Inferno - Max Hastings [319]
The only answer, the Nazis concluded, was to reduce provision for native inhabitants of the occupied territories and Russian POWs. On 13 November, Quartermaster-General Eduard Wagner told his heads of department that “prisoners of war who are not working will have to starve.” Thus Russian prisoners began to die in vast numbers, some of hunger and others at the hands of guards granted unlimited licence to kill to control the herds of desperate humanity for which they were responsible. By 1 February 1942, almost 60 percent of 3.35 million Soviet prisoners in German hands had perished; by 1945, 3.3 million were dead out of 5.7 million taken captive.
Only in 1943 did the Nazis acknowledge that hungry mouths also had useful hands: they belatedly accepted the value, indeed indispensability, of keeping prisoners alive to bolster Germany’s shrinking industrial labour force. When this new policy was implemented, Göring observed with complacency that Russians performed 80 percent of the construction work on his Ju-87 Stukas. By the autumn of 1944, almost 8 million foreign labourers and POWs were engaged in the German economy, 20 percent of its workforce.
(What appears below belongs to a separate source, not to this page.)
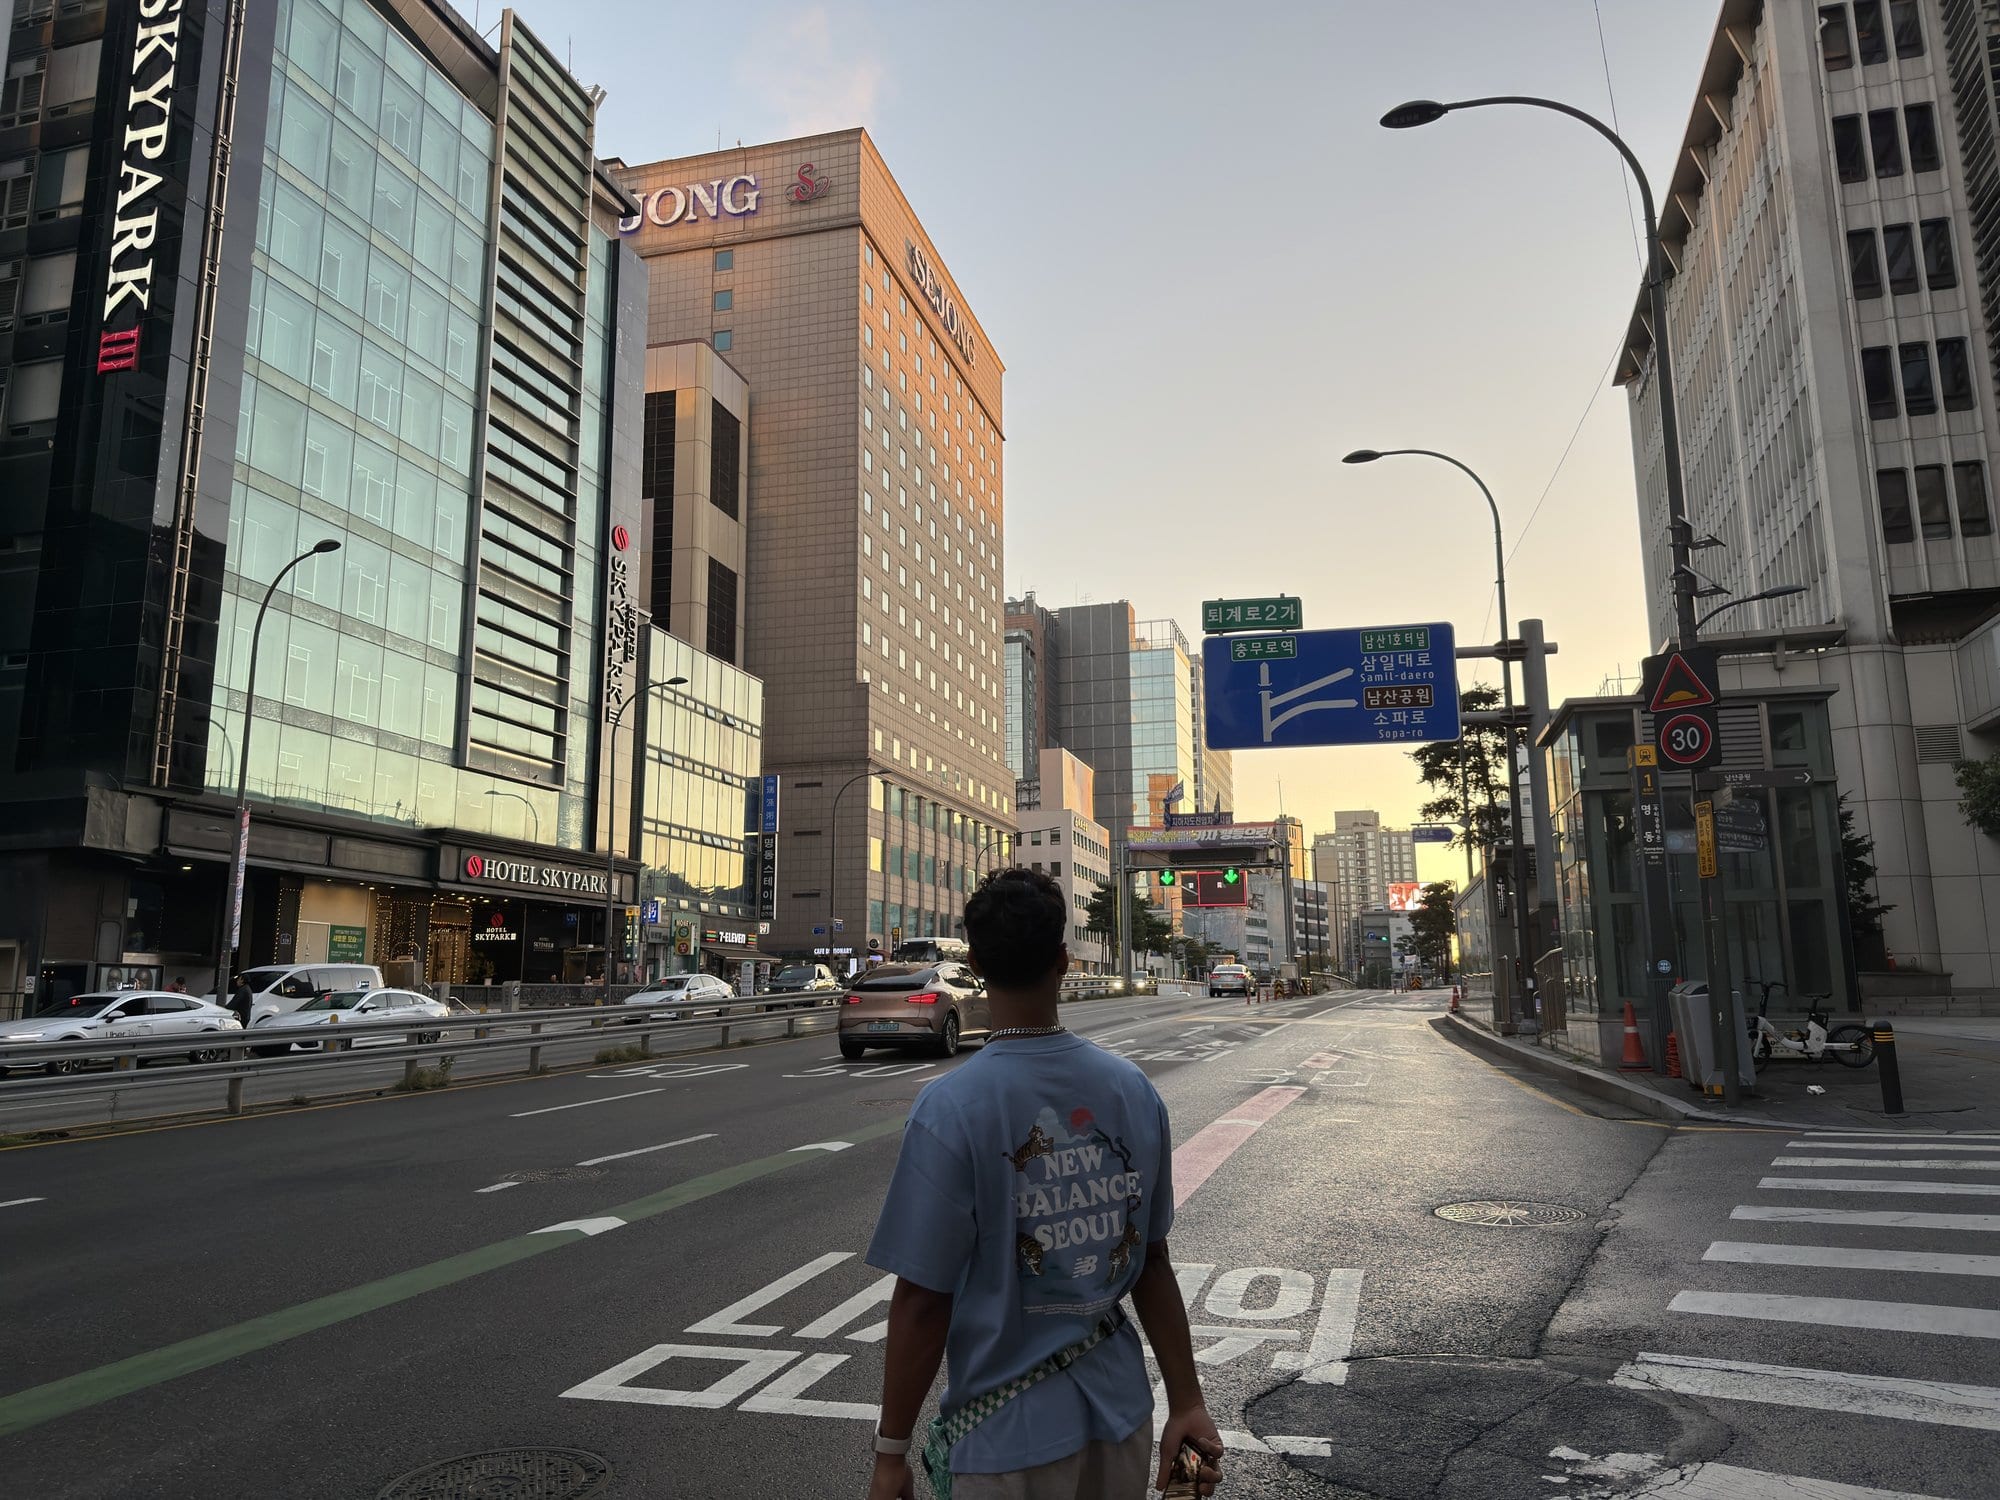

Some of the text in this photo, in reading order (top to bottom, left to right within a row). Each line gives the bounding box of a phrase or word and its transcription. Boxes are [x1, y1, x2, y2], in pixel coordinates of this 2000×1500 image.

BMW employed 16,600 prisoners at its Munich plant alone; though still treated with institutionalised cruelty, their rations were increased just sufficiently to sustain life. Industrial employers asked that punishments should be administered behind the wire of workers’ quarters, rather than in open view on factory premises, to avoid distressing German staff. A vast complex of guarded quarters was established in and around every major German city to house foreigners of all kinds. The Munich area harboured 120 POW facilities, 286 barracks and hostels for civilians and a brothel to service them, together with 7 concentration camp outstations including a branch of Dachau, a total of 80,000 bedspaces.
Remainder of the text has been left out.